_What to work on_: Leave every picture out and write out the records below exactly.

_Supplied material_:
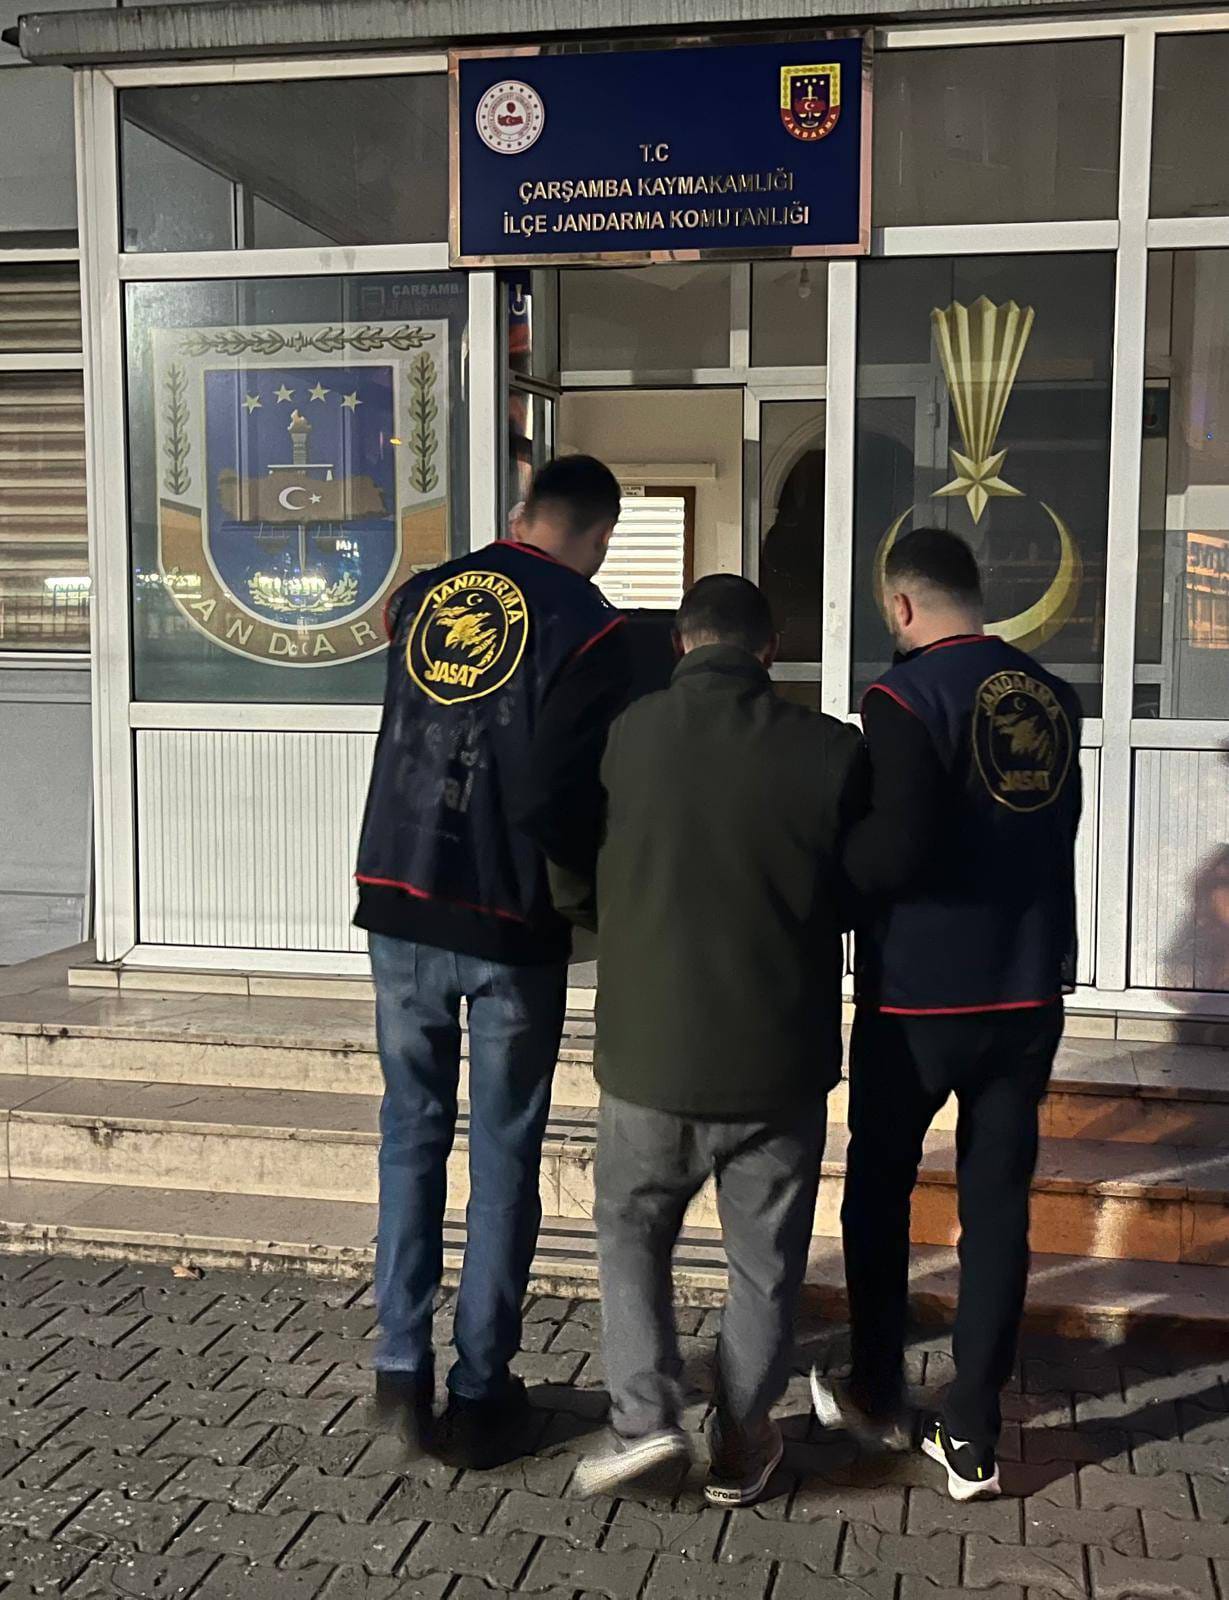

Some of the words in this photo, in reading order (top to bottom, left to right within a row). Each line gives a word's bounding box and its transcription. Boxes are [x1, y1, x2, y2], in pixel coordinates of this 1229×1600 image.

[784, 114, 837, 138] JANDARMA
[639, 143, 669, 163] T.C
[518, 178, 633, 205] ÇARŞAMBA
[637, 166, 794, 196] KAYMAKAMLIĞI
[503, 211, 547, 238] İLÇE
[552, 211, 665, 233] JANDARMA
[669, 200, 809, 229] KOMUTANLIĞI
[432, 575, 524, 625] JANDARMA
[424, 660, 484, 688] JASAT

_Your solution_:
Some of the words in this photo, in reading order (top to bottom, left to right within a row). Each line gives a word's bounding box and its transcription. Boxes are [x1, y1, x2, y2], in pixel coordinates of this 1229×1600 image.

[784, 114, 837, 138] JANDARMA
[639, 143, 669, 163] T.C
[518, 178, 633, 205] ÇARŞAMBA
[637, 166, 794, 196] KAYMAKAMLIĞI
[503, 211, 547, 238] İLÇE
[552, 211, 665, 233] JANDARMA
[669, 200, 809, 229] KOMUTANLIĞI
[432, 575, 524, 625] JANDARMA
[424, 660, 484, 688] JASAT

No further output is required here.